Biography of Margaret Holmes Sisson Chambers, 1894-1983
This biographical sketch of Margaret Holmes Sisson Chambers first appeared on the Online Biographical Dictionary of the Woman Suffrage Movement in the United States and appears here by courtesy of the publisher, Alexander Street.

By Clara Hartman Brooke and Carol Pierce Undergraduate Research Fellow, Goucher College

Suffragist, labor organizer

Margaret Holmes Sisson was born April 27, 1894. Her parents were John Baird Sisson and Matti V. Wrenn. She had three brothers and one sister.

She attended Bryn Mawr Preparatory School in Baltimore before matriculating at Goucher College in 1912. At Goucher her fellow students teasingly wrote that “when Margaret came to college she came with the idea of doing good work, but not doing one other thing.” At Goucher she became involved in the College Equal Suffrage League and was appointed organizer to the first district in East Baltimore. She graduated from the college in 1916.

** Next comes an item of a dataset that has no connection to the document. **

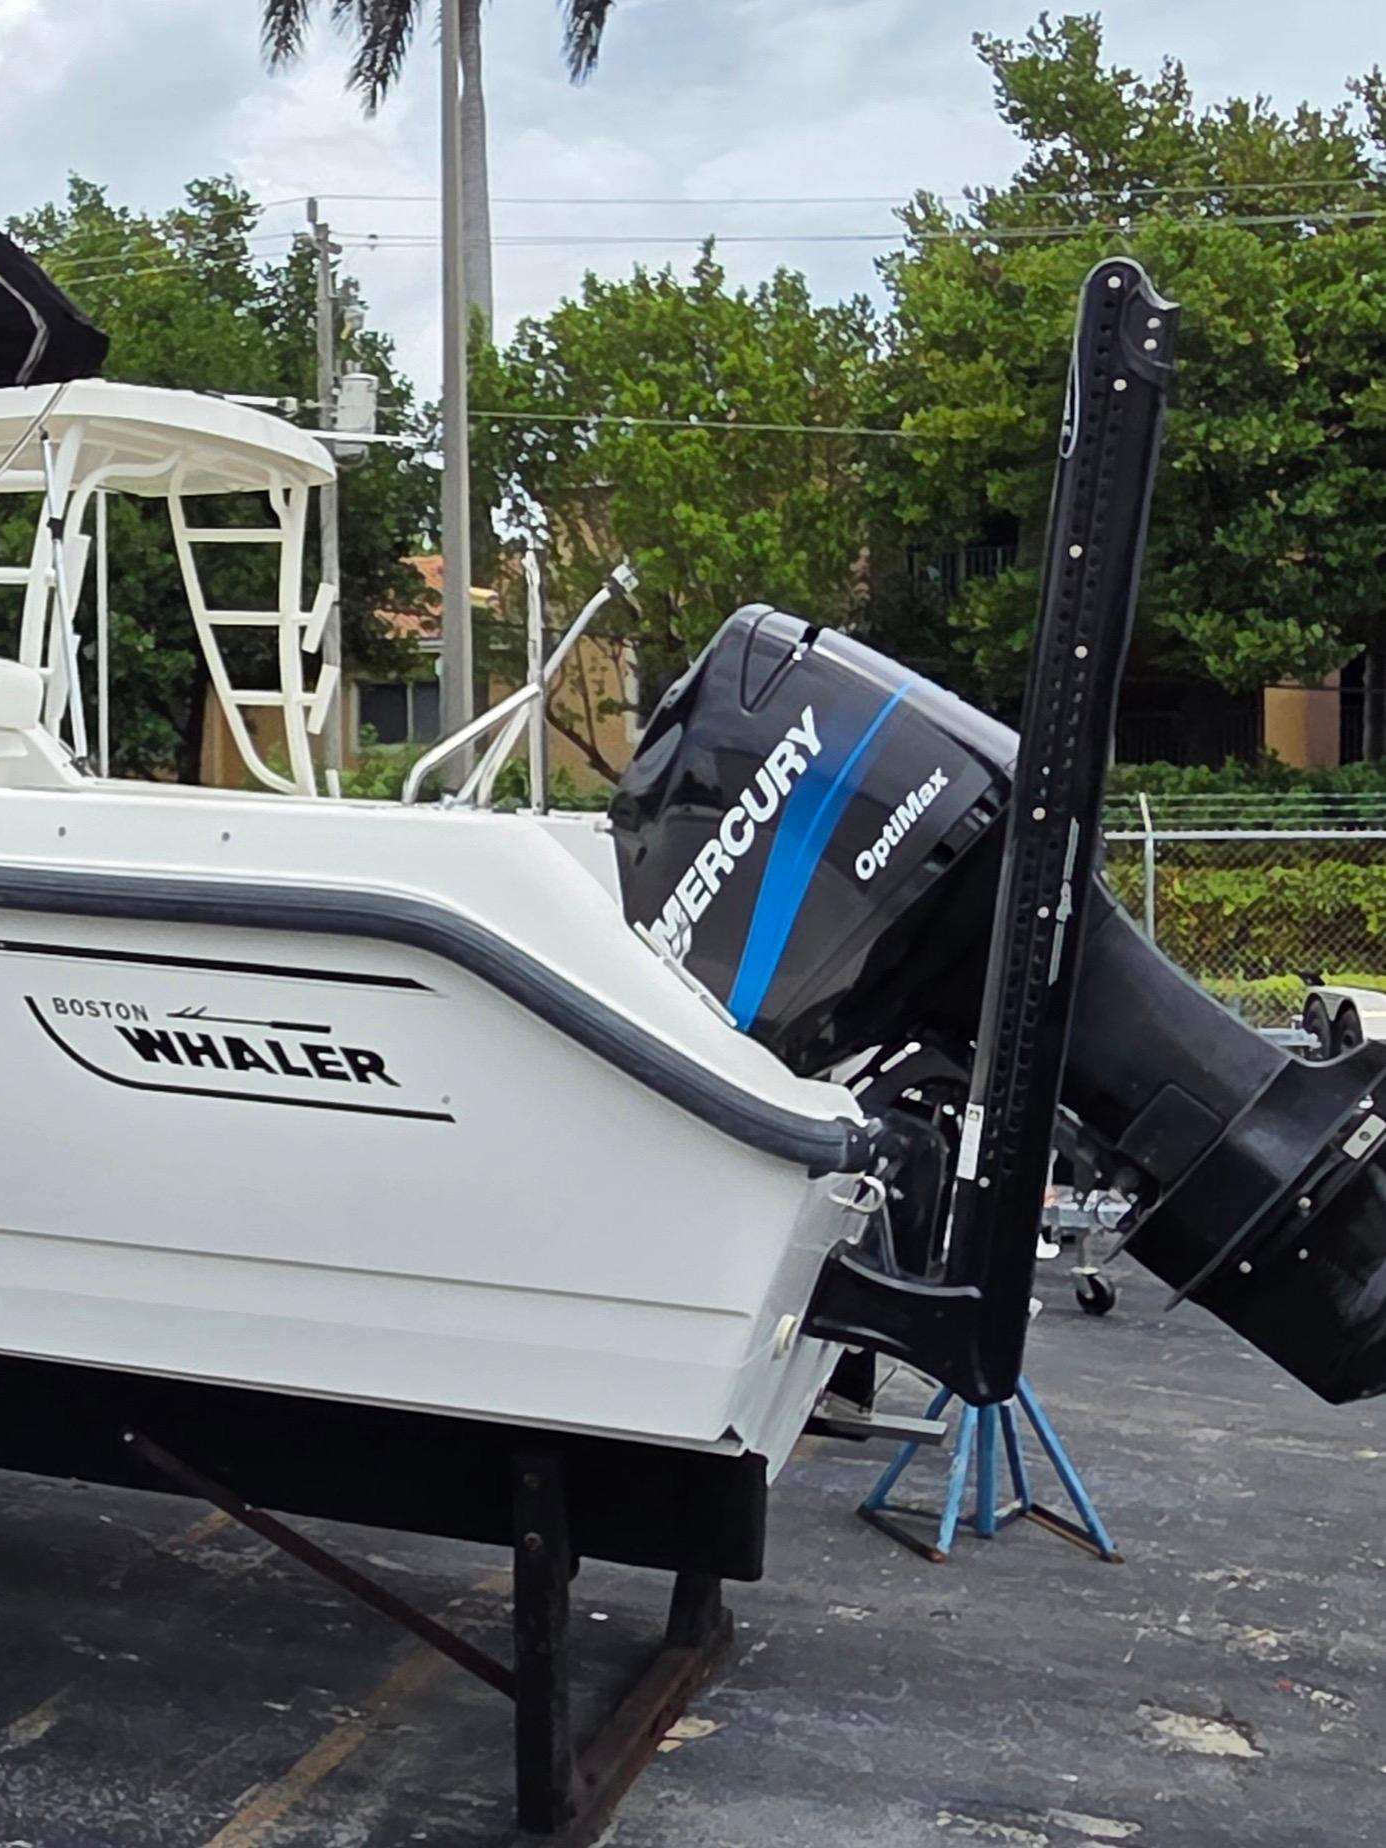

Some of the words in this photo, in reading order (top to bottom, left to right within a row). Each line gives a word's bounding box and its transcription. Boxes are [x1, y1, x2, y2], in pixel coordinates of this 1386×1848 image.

[648, 705, 822, 961] MERCURY
[52, 997, 149, 1022] BOSTON
[114, 1025, 401, 1088] WHALER

After graduation Margaret went to work as corresponding secretary for the Just Government League, the Baltimore suffrage organization led by Edith Houghton Hooker. Her activities included organizing Goucher and Johns Hopkins Medical students to participate in suffrage actions like poll pamphleteering.

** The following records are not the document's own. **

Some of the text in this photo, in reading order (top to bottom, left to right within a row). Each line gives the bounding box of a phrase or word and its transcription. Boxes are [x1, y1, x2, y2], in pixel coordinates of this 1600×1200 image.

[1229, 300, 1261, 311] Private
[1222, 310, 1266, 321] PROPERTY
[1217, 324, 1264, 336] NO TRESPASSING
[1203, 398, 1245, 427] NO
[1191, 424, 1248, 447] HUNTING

On January 14, 1917, Margaret participated in a “Maryland Day” suffrage picket outside the White House organized by the Congressional Union. On March 3, 1917, she, with members of the Just Government League and students from Goucher College, returned to Washington D.C. for another picket. A newspaper quoted Margaret as proud to do her “bit.”

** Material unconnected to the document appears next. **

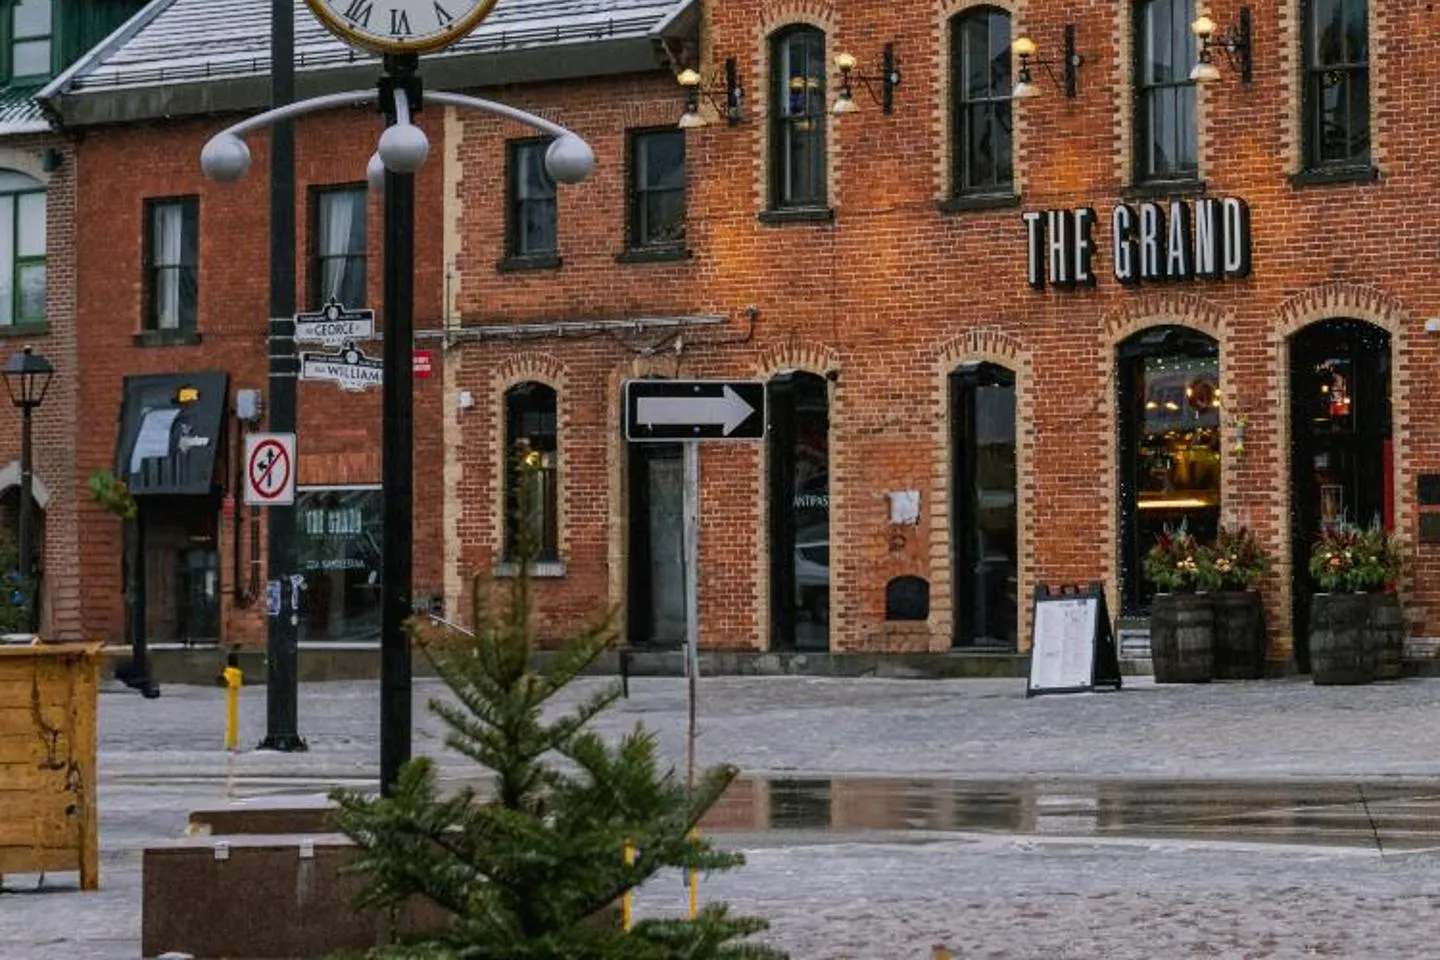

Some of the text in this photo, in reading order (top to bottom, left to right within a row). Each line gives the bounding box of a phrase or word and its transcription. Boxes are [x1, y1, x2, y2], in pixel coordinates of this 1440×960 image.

On April 15, 1917 Margaret made a third trip to the White House as part of a delegation of Baltimore suffragists petitioning President Wilson to telegraph Maryland Governor Harrington an appeal for including women’s suffrage in the upcoming session of the legislature.

After the start of World War I Margaret went to work as a stenographer for the Expeditionary Depot in Baltimore. In 1918 she began work as secretary to the secretary of the Mercantile Trust & Deposit Company in Baltimore.

She married Dr. Thomas Chambers in 1922 after the death of her sister (his former wife) Martha in 1919. They raised three children: one son and two daughters. Her daughter, Margaret Virginia Chambers, followed in her mother’s footsteps and graduated from Goucher College in 1944.

Margaret died in November 1983 having lived in Baltimore her entire life.


Details of Margaret’s early life are found in the Office of the Dean of Students Records (Special Collections & Archives, Goucher College Library). Her college years are documented in The Weekly, the college newspaper, and Donnybrook Fair, the college yearbook. Information about her work with the Just Government League and life after Goucher can be found in articles in The Sun between 1916 and 1918, Bulletin of Goucher College (Baltimore: Goucher College, 1929), census data from 1930 and 1940, and Goucher Alumnae Quarterly (Baltimore: The Alumnae Association of Goucher College, 1944).